Is it quiet? I think before and after the storms, there is always a strange calmness, a moment when silence grips the world like the gentle touch of a lover (what kind of imagery is that? - so crappy) Anyway, you know what I'm talking about?
Well, I feel like that now. But I think I feel like the storm, who came with the wrath of the skies, and huffed and terrified the world, but after all the chaos, the storm feels like it should have done more. Destroyed a few more houses. Torn down that ugly tree. But now the moment is gone, and until the next time, it won't have a chance to wreak havoc.
I'm feeling like that. Some things I should have done during the shooting, that I did not do. Now I've started to edit, and sometimes I want to throw the laptop out of the window (only that there is a mosquito mesh on the window, so if I tried to throw out the laptop, I wouldn't succeed) because I feel I've not done everything I should have done.
But maybe I should be happy with what I have, because I think I can safely use 80% of what I shot. That I can actually make a decent documentary about love in a Hindu society from what I already have.
And I should congratulate myself because I worked with a cameraman who hardly knew English. He only knew two words 'look this'. :-) So sometimes I would try to tell him what I want to shoot, and he would simply say 'look this' and I would try to say that it's not what I want, and he would try to tell me what he is trying to shoot, but it would all boil down to those two words. 'Look this'.
Okay, give him some credit (and me also) because I speak at least 70% of his language, so I was able to communicate myself most of the time. Sometimes, when I failed to speak, I would frame the shot using my still camera (canon sx200, lovely beauty) and then he would get the idea. But then he'd only roll for a few seconds and then shoot what he wants.

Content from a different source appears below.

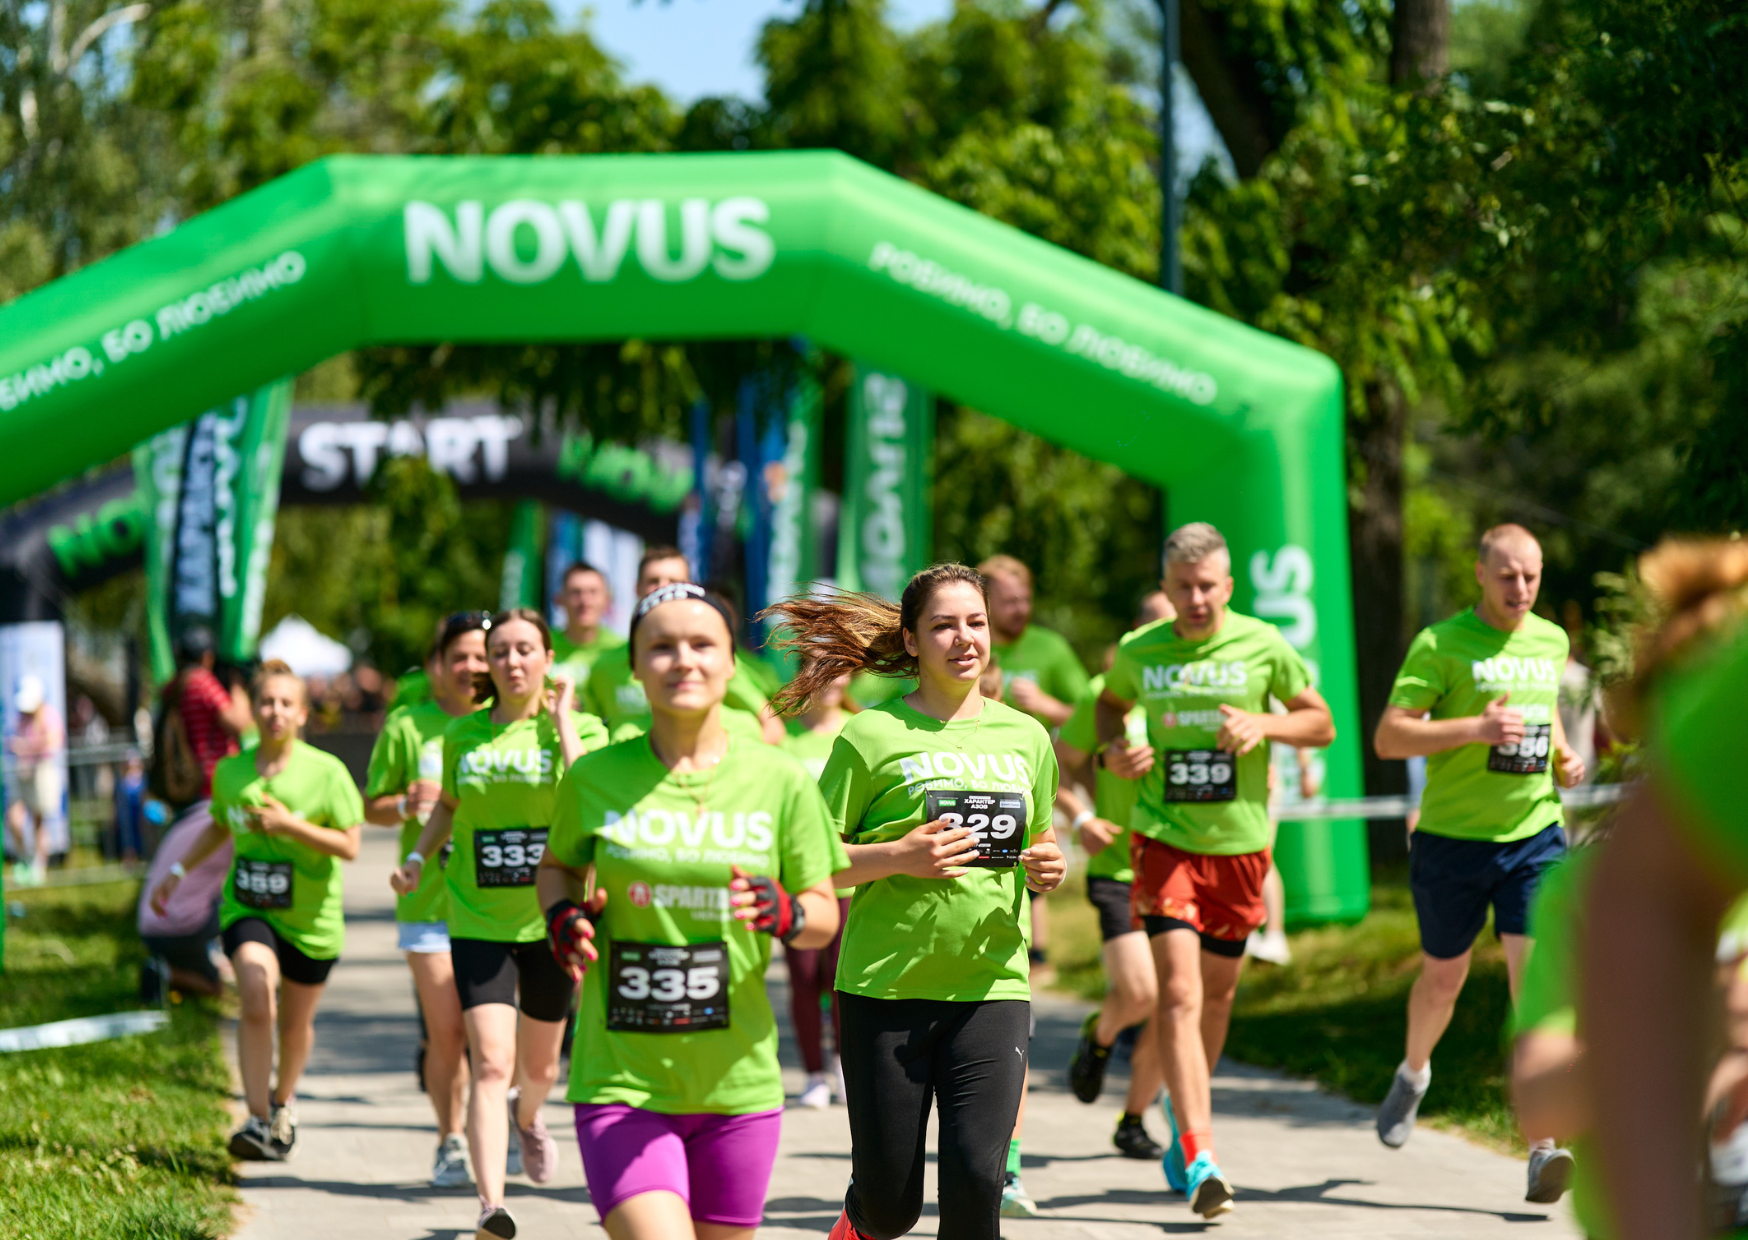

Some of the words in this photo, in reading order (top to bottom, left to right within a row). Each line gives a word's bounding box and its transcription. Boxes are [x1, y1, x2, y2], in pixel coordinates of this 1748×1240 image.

Which is really annoying. Which only makes me determined to do a large percentage of the camerawork in my next project (what will it be about?) So I have to get a camera. Somehow. A decent one at that.
Probably I'm a control freak. But I've read of other control freaks, like Ken Burns, and Errol Morris (they do confess they like taking control of their documentary projects) and I think that making a documentary is like writing a non-fiction book. The writer has to have a lot of control over what he wants to say. It's not like making a film, where the director's voice can be watered down and you still have a pretty good movie. Documentaries need the total control of the director, from the planning phase, to the camera, to the editing.

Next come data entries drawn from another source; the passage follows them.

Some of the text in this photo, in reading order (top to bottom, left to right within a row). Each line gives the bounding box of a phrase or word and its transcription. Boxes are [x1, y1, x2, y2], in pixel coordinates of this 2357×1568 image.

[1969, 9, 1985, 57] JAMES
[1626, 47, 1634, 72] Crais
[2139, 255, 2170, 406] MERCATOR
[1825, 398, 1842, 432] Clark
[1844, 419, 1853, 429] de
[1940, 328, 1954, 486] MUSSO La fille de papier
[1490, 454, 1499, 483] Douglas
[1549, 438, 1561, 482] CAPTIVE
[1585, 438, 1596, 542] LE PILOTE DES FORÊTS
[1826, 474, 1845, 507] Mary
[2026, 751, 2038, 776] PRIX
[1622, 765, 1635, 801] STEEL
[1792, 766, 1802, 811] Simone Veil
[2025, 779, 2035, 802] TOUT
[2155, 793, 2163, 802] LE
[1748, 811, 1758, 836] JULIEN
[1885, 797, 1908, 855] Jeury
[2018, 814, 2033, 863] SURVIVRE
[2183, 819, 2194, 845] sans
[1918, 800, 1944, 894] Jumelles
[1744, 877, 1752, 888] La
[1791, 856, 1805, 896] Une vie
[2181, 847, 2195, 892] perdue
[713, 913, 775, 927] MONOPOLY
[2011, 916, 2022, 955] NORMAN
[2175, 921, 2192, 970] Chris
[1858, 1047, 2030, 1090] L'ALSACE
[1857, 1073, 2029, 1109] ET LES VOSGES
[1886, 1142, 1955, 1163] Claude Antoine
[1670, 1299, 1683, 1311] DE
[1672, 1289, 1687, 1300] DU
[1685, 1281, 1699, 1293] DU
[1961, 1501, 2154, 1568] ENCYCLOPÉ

Sadly, money determines who controls what. I remember 'the young ones' (a project I thought would have been a great one for me, but it turned out a disaster, because this lady - well, she was the producer or something like that - gave me the job, but didn't trust me to do it, so she had all these people spying on every move I made, and she questioned every decision I made, until I ran mad with frustrations).
But I've really enjoyed this shooting. Only one incident of a quarrel, way back in the early days, and we soon put that behind us and worked smoothly. Only that I realize that small quarrel ruined a really beautiful sequence I had in mind, one involving a love letter one of the characters wrote to her lover. Shit!
At least I will be in total control of the edit. In this project.
So I'm nearly done with my first feature length documentary. I must say congratulations to myself. It's now slightly over a year since I came to Nepal (November 11 the anniversary) and I think I have already archived what I came for. So how will I spend the remaining year?